Transcribe all of the records, leaving out any pictures.

Supplied entries:
┏━━
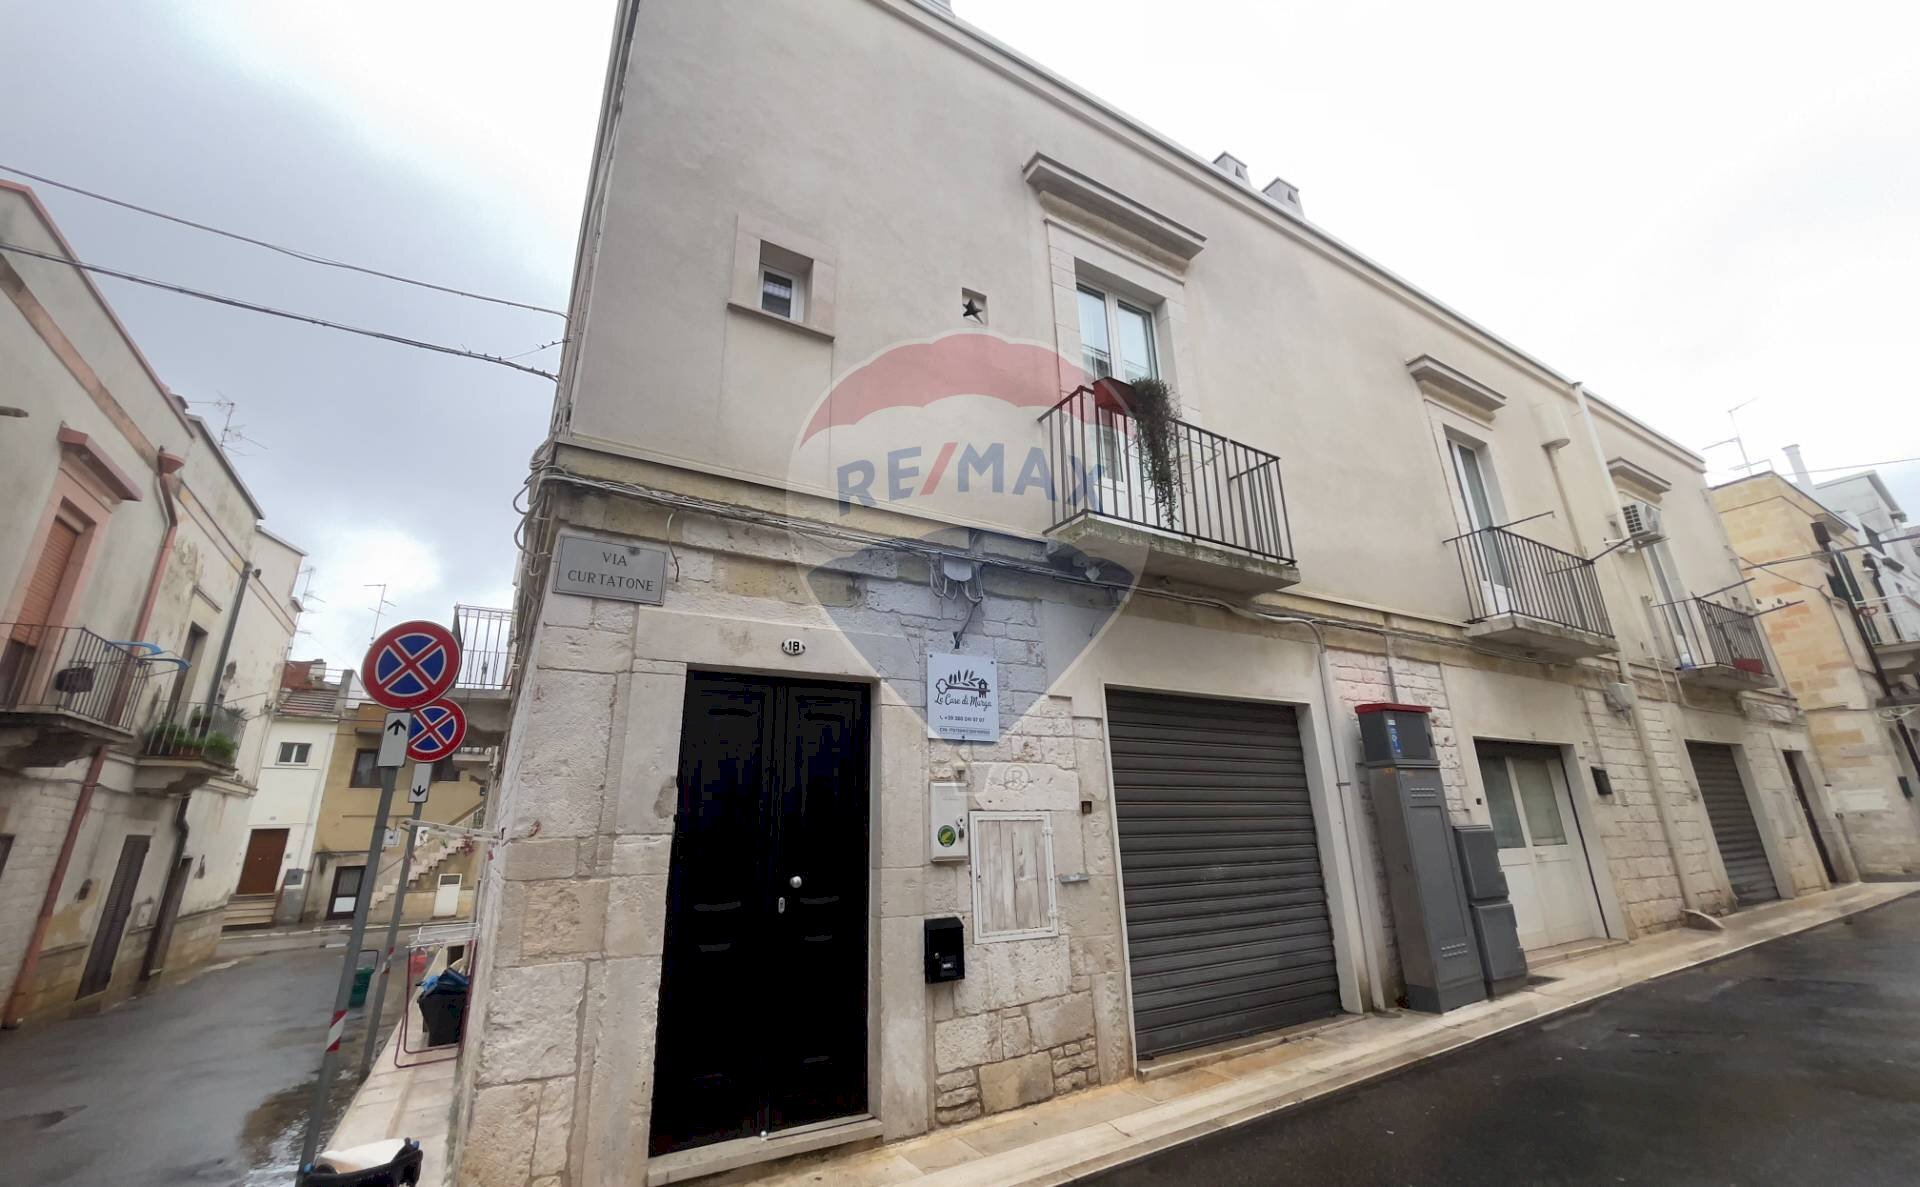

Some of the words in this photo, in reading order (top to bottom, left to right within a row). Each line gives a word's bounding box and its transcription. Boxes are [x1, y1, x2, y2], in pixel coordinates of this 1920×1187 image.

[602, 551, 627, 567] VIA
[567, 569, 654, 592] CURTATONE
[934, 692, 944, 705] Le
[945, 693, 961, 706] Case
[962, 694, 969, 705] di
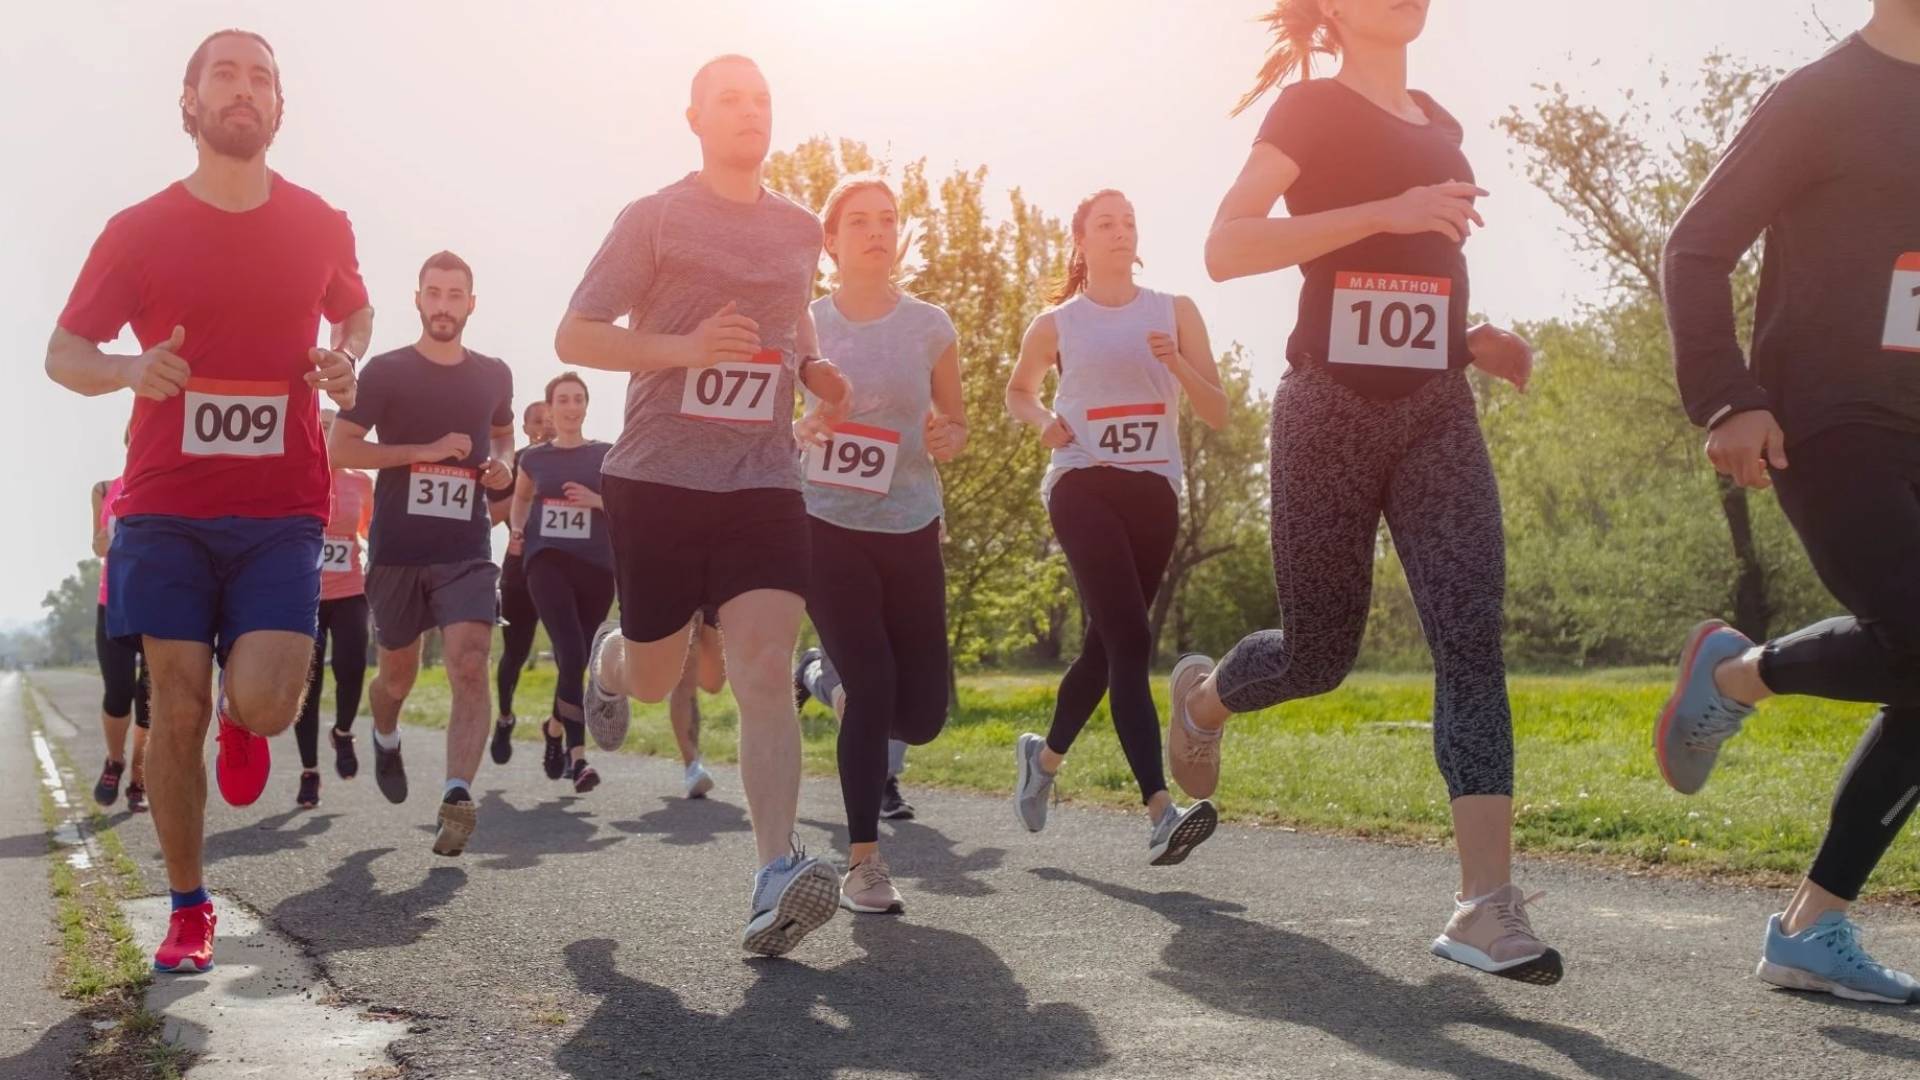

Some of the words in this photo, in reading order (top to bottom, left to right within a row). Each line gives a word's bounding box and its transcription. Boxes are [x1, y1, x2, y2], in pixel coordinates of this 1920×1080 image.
┗━━
Written answer:
Some of the words in this photo, in reading order (top to bottom, left to right within a row). Each line gives a word's bounding box and its transcription. Boxes are [x1, y1, x2, y2], in pixel coordinates of this 1920×1187 image.

[602, 551, 627, 567] VIA
[567, 569, 654, 592] CURTATONE
[934, 692, 944, 705] Le
[945, 693, 961, 706] Case
[962, 694, 969, 705] di

Some of the words in this photo, in reading order (top to bottom, left to right within a row). Each line gives a word's bounding box and its transcription. Boxes are [x1, y1, x2, y2], in pixel coordinates of this 1920×1080 image.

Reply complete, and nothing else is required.